Фамилия. Глава 14

Любовь Тарасова-Горина
Название нашего  села  многие годы вызывает интерес у местных жителей. Кто-то считает, что слово Кошкуль переводится  на русский язык, как «птичье озеро». Другие придерживаются другой точки зрения: возможно,   название означает  «между двух озёр».  Но все сходятся в одном мнении: Кошкуль – название тюркское, оставшееся от монголо-татарских становищ со времён Золотой Орды.
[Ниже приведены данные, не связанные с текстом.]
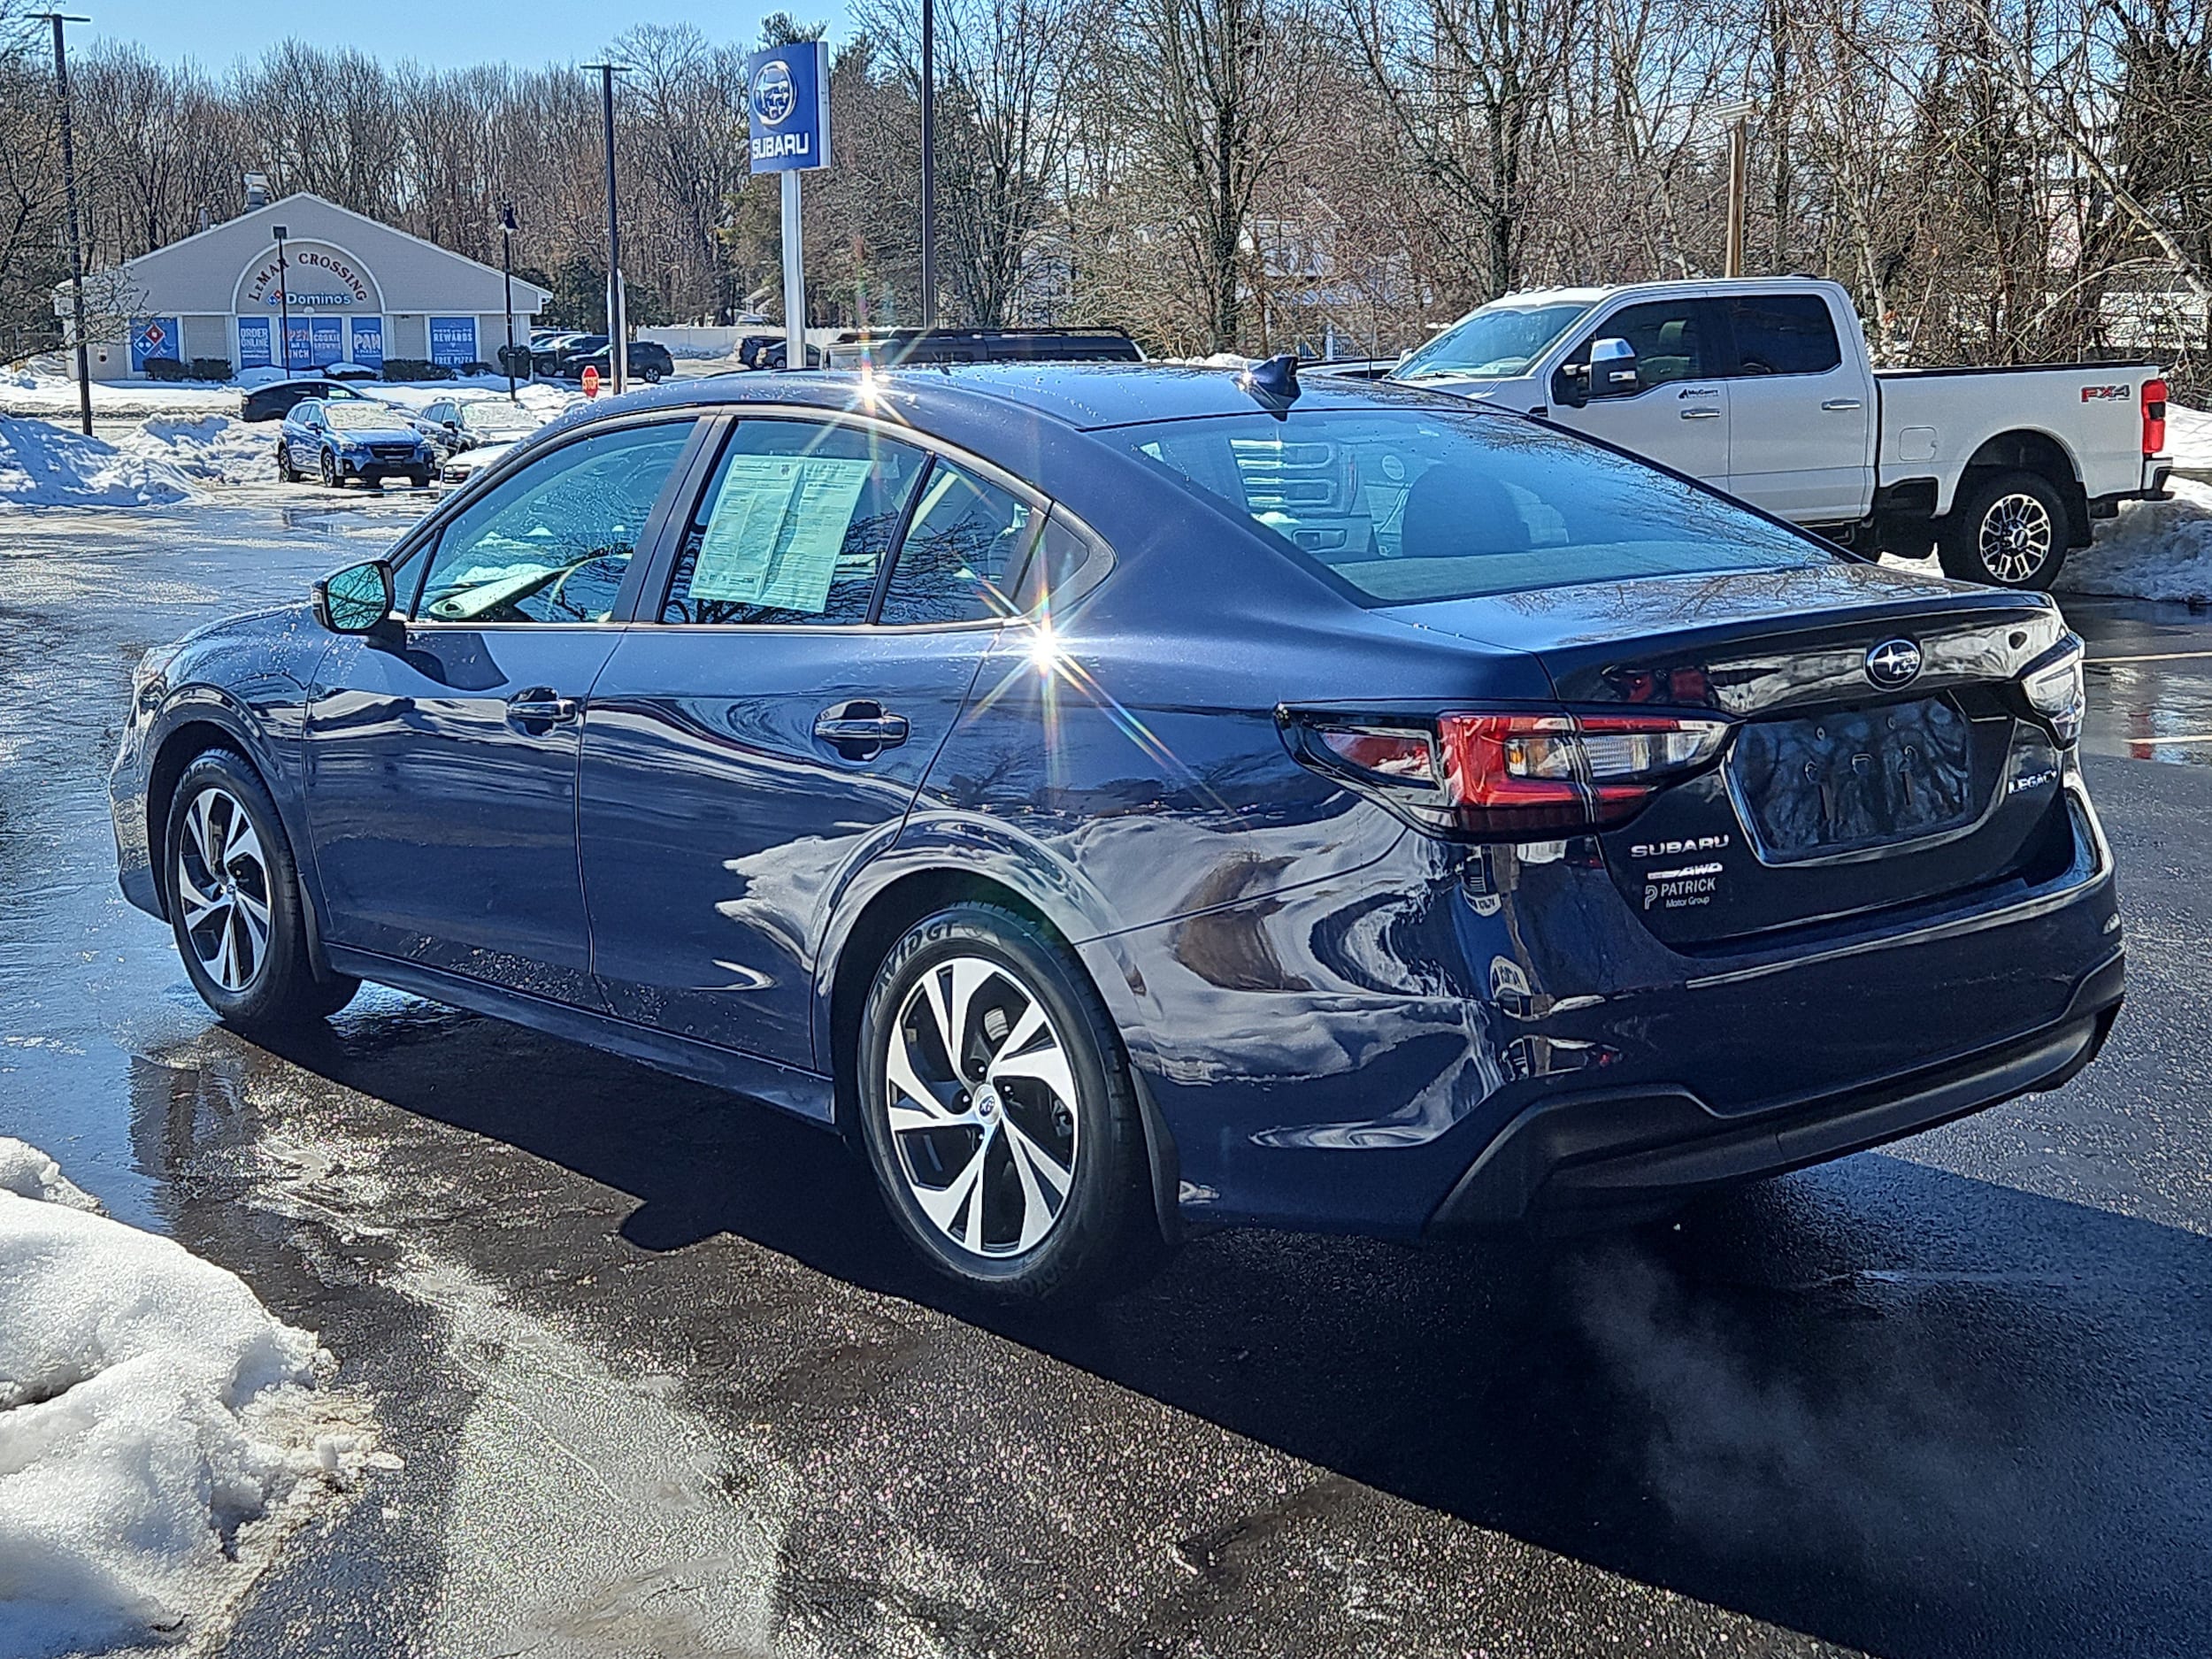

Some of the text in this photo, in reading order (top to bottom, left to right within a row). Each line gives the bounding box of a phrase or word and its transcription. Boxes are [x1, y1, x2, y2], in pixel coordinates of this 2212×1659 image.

Кошкульский совхоз*  был основан в 1929 году. История села начинает свой путь со строительства и вхождения его в качестве подразделения одного из самых первых колхозов в районе – Георгиевского.
 
В это время здесь почти уже закончилась коллективизация. Тогда же начали создавать советские хозяйства – совхозы, которые занимались производством и переработкой молока.  Состояли они  из нескольких отделений.
 
5 апреля 1932 года Новый Кошкуль ( в то время он еще не носил этого названия) стал центральной усадьбой нового совхоза «Кошкульский», после многочисленных реформирований  в него вошли деревни Бугровая,  Покровка, Старый Кошкуль, сёла  Старый  и Новый Конкуль,  посёлок  Первомайский.  Некоторые из селений имели свои исконные   названия, часть новых  получили имена гораздо позднее, а до этого просто назывались фермами и имели только цифровое обозначение.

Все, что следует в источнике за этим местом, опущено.